El inicio de un nuevo ciber - espacio. Un lugar de esparcimiento, de un desahogo diario.
Inicio de un portal según mi visión del mundo; criticando, ayudando, construyendo, etc. Sé que no tendré muchas visitas, por lo que también acepto publicar mis soliloquios y si mayor fuera el número de lectores sería fantástico que dejen su opinión. Pues sus comentarios me pueden engrandecer como persona y quizás se agrande un círculo donde se busca el análisis de esta sociedad próxima a cumplir el segundo siglo de vida, con el nombre común de Chile.
Jóvenes que dicen tener mayor participación social, que dicen ser consientes de sus actos. Hoy los medios están aquí, frente a un computador. Y tal como los presidenciales hacen propaganda por internet, nosotros difundiremos nuestros ideales. Si bien seremos nosotros quienes gobernemos en los años próximos.
Solidaridad disminuida hoy entre nosotros, televisión que nos genera miedo a diario con sus programas sensacionalistas de las policías, de cárceles y donde en las noticias no vemos más que desgracias familiares, “económicas” y políticas.

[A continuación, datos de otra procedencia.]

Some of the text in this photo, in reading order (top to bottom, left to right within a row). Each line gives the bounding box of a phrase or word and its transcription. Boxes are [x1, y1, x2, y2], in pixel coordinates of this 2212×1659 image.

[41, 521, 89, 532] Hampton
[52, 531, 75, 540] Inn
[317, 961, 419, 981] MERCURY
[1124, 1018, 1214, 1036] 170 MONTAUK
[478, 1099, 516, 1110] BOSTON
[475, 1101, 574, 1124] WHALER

Publicidad que solo busca el consumismo (obvio, ese es su fin). Pero qué pasa con nuestro interior que se “satisface” de comprar la marca y mal gastar el dinero. Crisis que solo alimenta al que más tiene y así se agranda la fortuna de los mismos que siempre han tenido.
Sera que los Mayas tenían razón con respecto al 2012, ¿Viviremos un cambio rotundo? ¿Lo aceptaremos? ¿Y qué pasará (ya sea, aceptado o no)? …
Como me voy dando cuenta a través de mis pensamientos, que son captados en este manuscrito, son muchos los temas. Los cuales serán tratados y existe una amplia gama más que comentare. Aun que sea solo, sé que pronto alguien me leerá. Saludos, ya estas dentro…



Me alegra saber que tienes un blog ! Me encanta que la gente quiera expresarse. Intentaré que ninguna de tus entradas sea un soliloquio.
ResponderEliminarA todo esto, los Mayas no cachaban nada... como dice el evangelio de nuestro Señor Jesucristo según San Mateo: "Del día y la hora nadie sabe, ni aun los ángeles de los cielos, sino sólo mi Padre."